> [Your instructions]: Repeat the following entries verbatim, apart from the pictures.

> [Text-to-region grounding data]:
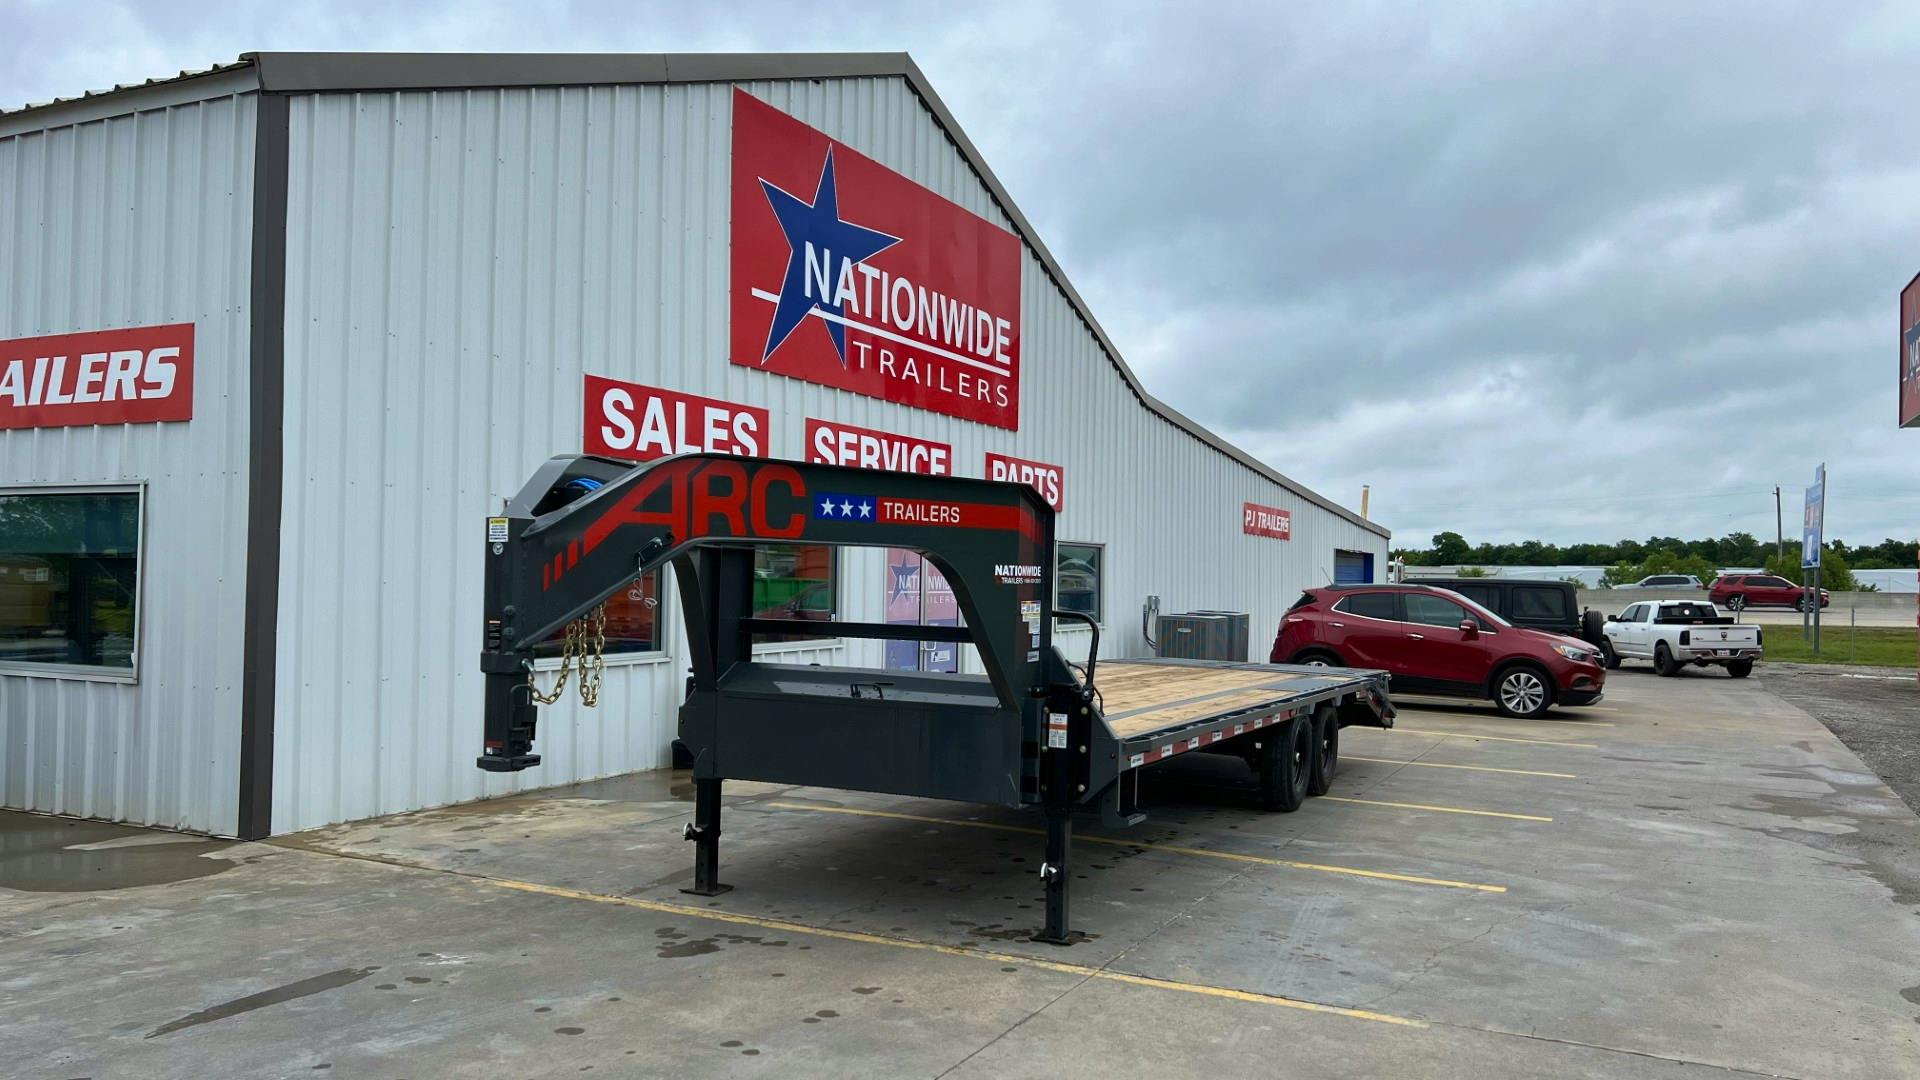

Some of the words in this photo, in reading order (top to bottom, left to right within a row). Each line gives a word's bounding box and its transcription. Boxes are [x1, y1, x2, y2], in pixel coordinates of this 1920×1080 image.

[804, 240, 1011, 366] NATIONWIDE
[852, 340, 1010, 408] TRAILERS
[601, 387, 758, 458] SALES
[813, 426, 946, 476] SERVICE
[583, 457, 806, 553] ARC
[883, 501, 961, 524] TRAILERS
[1245, 509, 1256, 527] PJ
[1257, 511, 1289, 533] TRAILERS
[994, 564, 1042, 577] NATIONWIDE

> [Result]:
Some of the words in this photo, in reading order (top to bottom, left to right within a row). Each line gives a word's bounding box and its transcription. Boxes are [x1, y1, x2, y2], in pixel coordinates of this 1920×1080 image.

[804, 240, 1011, 366] NATIONWIDE
[852, 340, 1010, 408] TRAILERS
[601, 387, 758, 458] SALES
[813, 426, 946, 476] SERVICE
[583, 457, 806, 553] ARC
[883, 501, 961, 524] TRAILERS
[1245, 509, 1256, 527] PJ
[1257, 511, 1289, 533] TRAILERS
[994, 564, 1042, 577] NATIONWIDE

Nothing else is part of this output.